そうしている間にも既にこの距離でもポロポロと壁が崩れ始めている音が聞こえてきていて、壁自体にもミシミシと亀裂が拡がっていくのが目に見える。
壁までの距離が残り半分を切った辺りで、「ゴッ!」という音と共に、それまで各所でバラバラに拡がっていたひび割れが、壁自体が折れるかのように大きく上下に裂けながら一気に繋がって、決定的な亀裂がが走った。
「壁が崩れるぞぉぉぉっ!!」
誰かがそう叫んだのと、果たしてどちらが早かったか。
「バガッ!!」と、一瞬、音を波として感じた程の轟音が地を震わせ、ついに第一防壁が崩れ去る。
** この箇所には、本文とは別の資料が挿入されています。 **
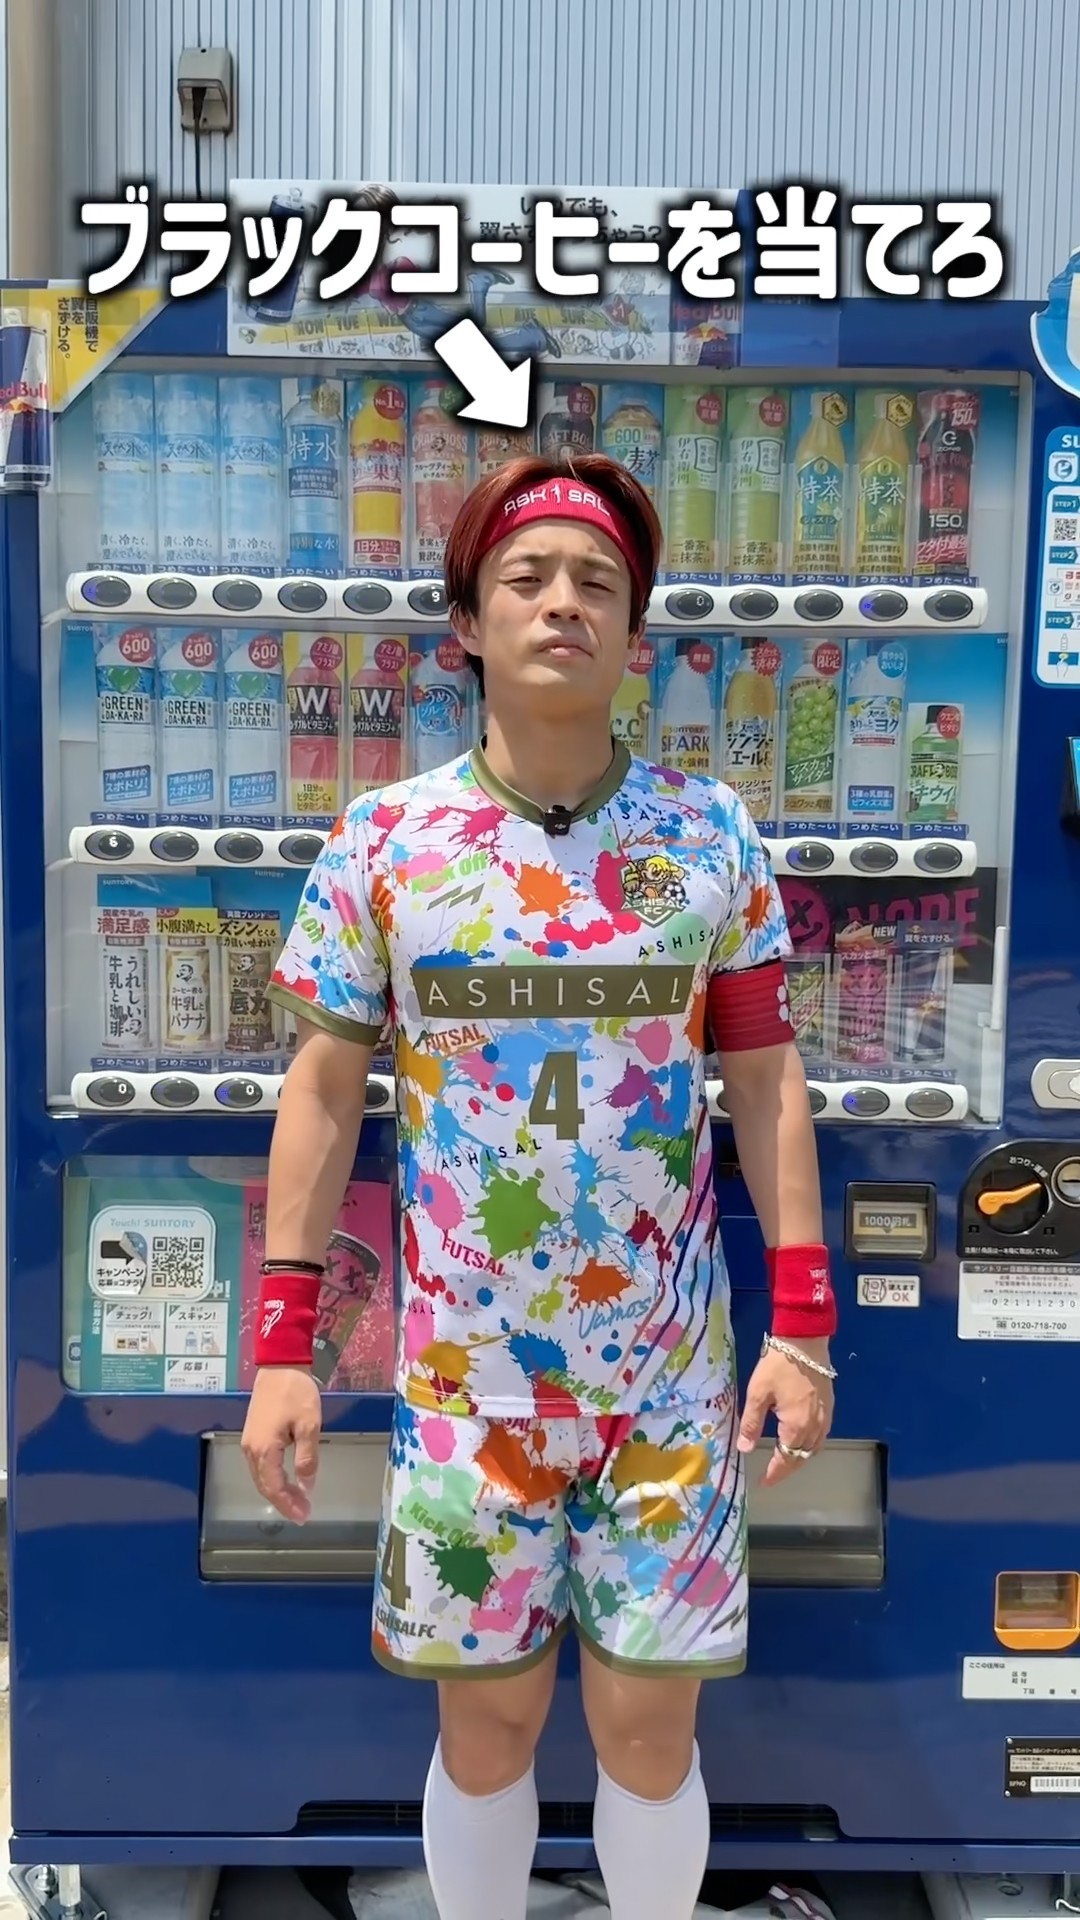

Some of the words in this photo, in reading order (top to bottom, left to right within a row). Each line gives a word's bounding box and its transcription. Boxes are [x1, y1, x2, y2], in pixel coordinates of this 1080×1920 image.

と同時に、おそらく崩れる前から既にほとんど圧死状態だっただろう、大量のウルフとゴブリンたちがドミノ倒し状態となって、後続の仲間たちに容赦なくぐちゃぐちゃに踏み潰されていく。更にその後続たちも、根本を押し崩した故に自分たちの側に倒れてくることになった壁やその瓦礫に次々押し潰されていく。おかげでかなり凄惨極まる光景になりかけていたんだけど、そこはまぁ、リアルではないこの世界。それらの大半はフォトンへと還っていき、死体として残った一部も崩壊を逃れた更なる後続や壁の残骸の波にあっという間に埋もれていってしまう。
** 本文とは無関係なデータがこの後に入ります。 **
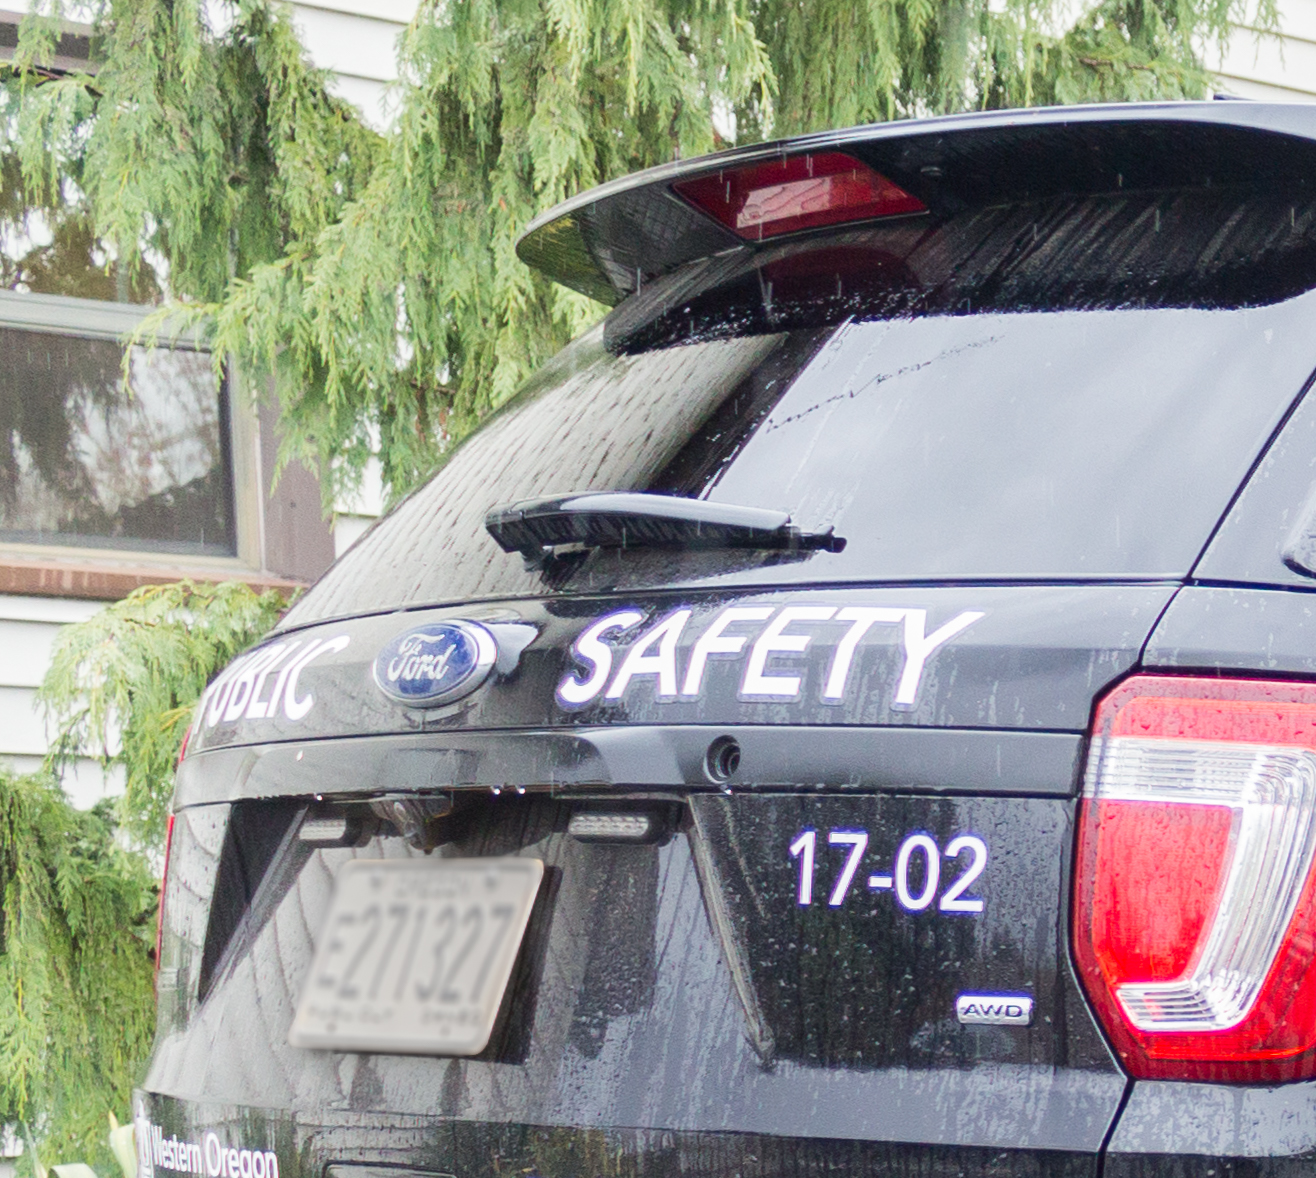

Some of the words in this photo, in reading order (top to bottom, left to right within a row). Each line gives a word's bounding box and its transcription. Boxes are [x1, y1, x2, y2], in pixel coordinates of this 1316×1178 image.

[387, 633, 457, 683] Ford
[557, 605, 987, 705] SAFETY
[789, 830, 988, 914] 17-02
[962, 1003, 1024, 1018] AWD
[150, 1124, 202, 1175] Western
……うん、とりあえずスプラッター展開は回避されたみたいだね。
あれだけの上級魔法の攻撃だったけど、ボス個体は未だ全員生きているらしい。残りのレッサーライダーたちを引き連れながら、瓦礫の山を踏み越えて進軍してくる。
ライダーキングも、4割半ぐらいだったHPが4割弱ぐらいまで削れていたけど、まだまだ健在といったところだ。
そこはまぁともかくとして、壁を越えてきた敵陣と僕たち前線班パーティーの先頭がいよいよ接触する。
「どぁらあああああぁぁぁぁっ!!」
一番槍となったウォーリアーの人が、大剣でジャイアントスイングでもするように高速回転しながら敵陣中心のライダーキングへと突っ込んでいく。
回転は竜巻を巻き起こし、周囲の敵をかなりの勢いで引き寄せつつ、巻き込んだ敵をバラバラに斬り裂いて進んでいく。
これまた見たままシンプルなウォーリアーの大剣スキル、サイクロンチャージだね。
ウォーリアーってやっぱりこういう説明不要のシンプルド直球、かつ見た目にド派手で豪快なスキルが多いよねぇ。ミスティスみたいな両剣スキルはまたちょっと毛色が変わるけど。
結果的にウォーリアーの人が露払いになって空いた道をミスティスが一気に加速して吶喊する。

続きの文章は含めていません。